Official measures show IT employment barely moved in 2023 , a net gain of roughly 700 jobs , which is strikingly low for a sector used to adding thousands annually. That small headline change masks substantial churn: waves of layoffs, hiring freezes, and pockets of specialist hiring (cloud, security, AI). Many hires were offset by cuts elsewhere, squeezing junior and contract roles hardest. For jobseekers this means realistic expectations: longer searches, targeted skill development and prioritizing roles where demand remains resilient. Employers are emphasizing productivity and specialization over broad-based hiring.
Tax Policy Hits Hiring: The Section 174 Effect

Policy shifts matter. A change to how firms treat R&D under the IRS's Section 174 rules has pushed many companies to capitalize and amortize research expenses rather than deduct them immediately. That change raises near-term tax liabilities and reduces cash flow, which is particularly painful for startups and smaller engineering-heavy firms. With payroll one of the largest fixed costs, constrained cashflow makes management more likely to trim roles. Observers note this accounting and tax shift as one contributor to hiring conservatism even when demand or product roadmaps would otherwise justify growth.

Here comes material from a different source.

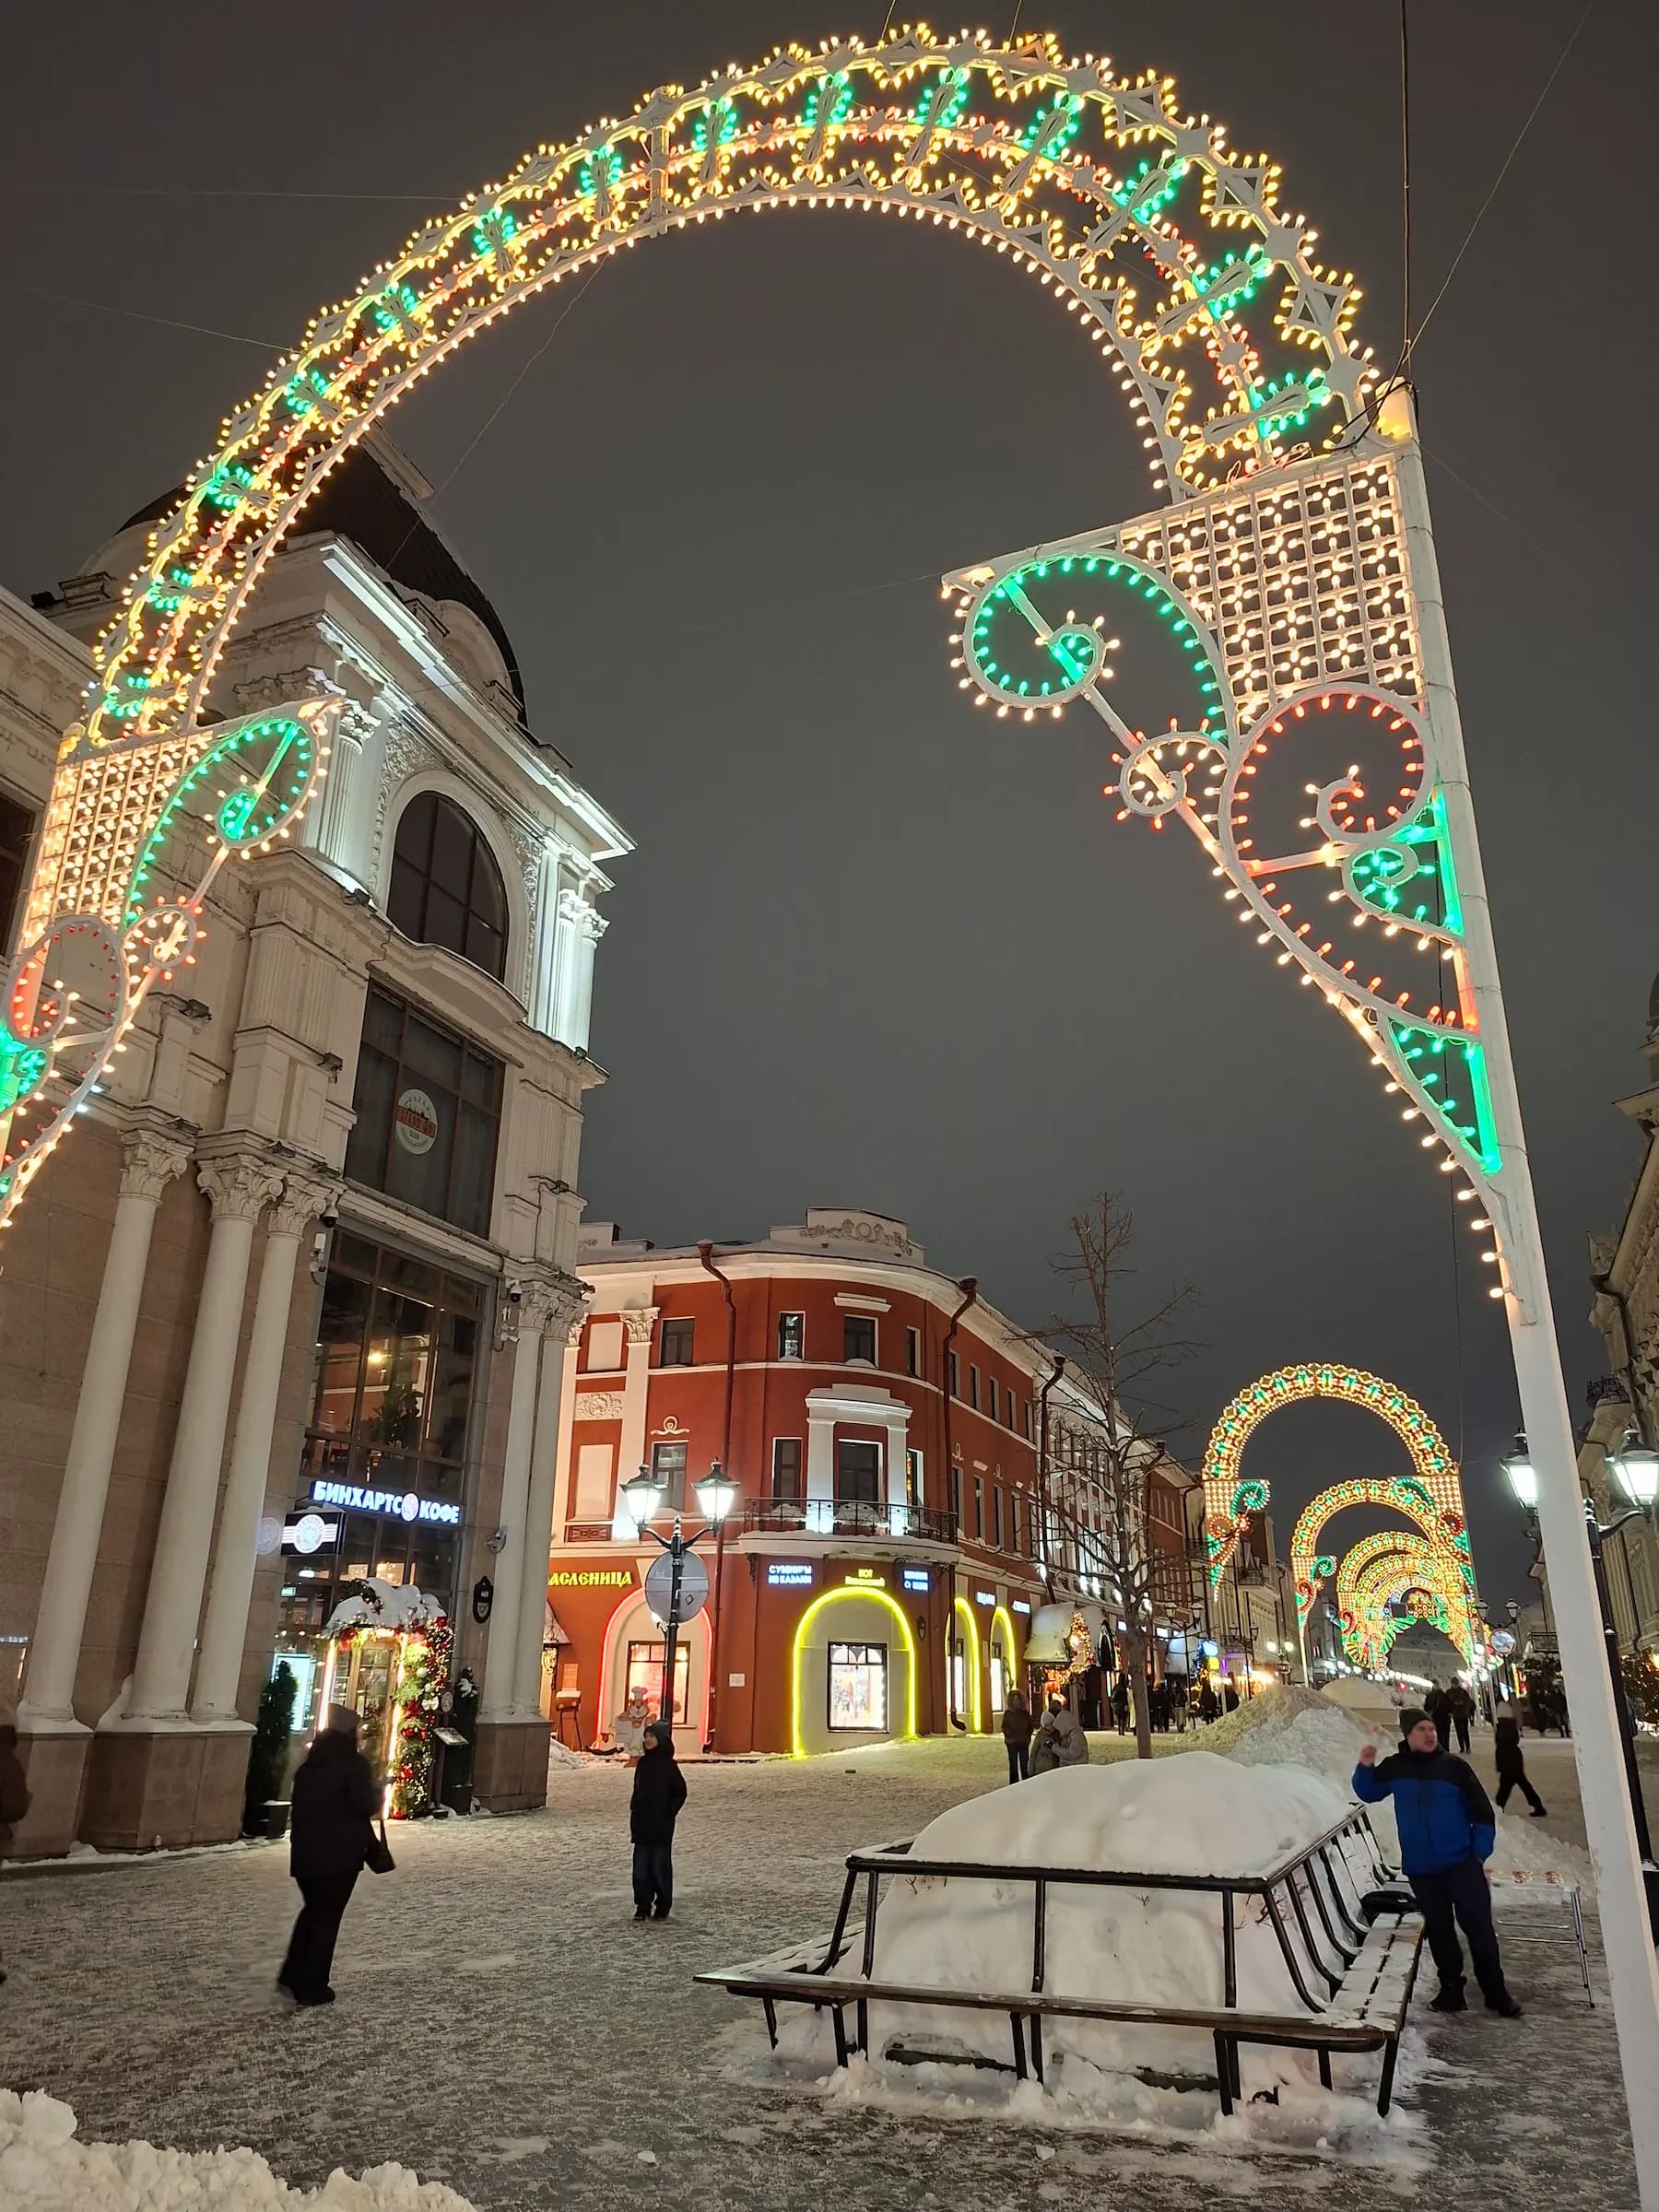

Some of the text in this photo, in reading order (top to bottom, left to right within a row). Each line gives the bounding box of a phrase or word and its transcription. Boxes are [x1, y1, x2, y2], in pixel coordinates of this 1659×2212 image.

Macro Pressures: Rates, SaaS Costs, Offshore Competition and AI

Several macro forces are compressing tech hiring. Rising interest rates cooled venture funding and investor appetite, prompting companies to conserve cash. The Section 174 change increases near-term tax burdens. Operational costs , especially seat-based SaaS tools and expensive vendor contracts , squeeze margins. Global competition from lower-cost engineering markets gives firms alternatives to U.S. hires. AI tools are also boosting senior engineer productivity, reducing the need for large junior cohorts. Combined with many firms overhiring in 2022, the overall effect is a shift from headcount growth toward efficiency and targeted hiring.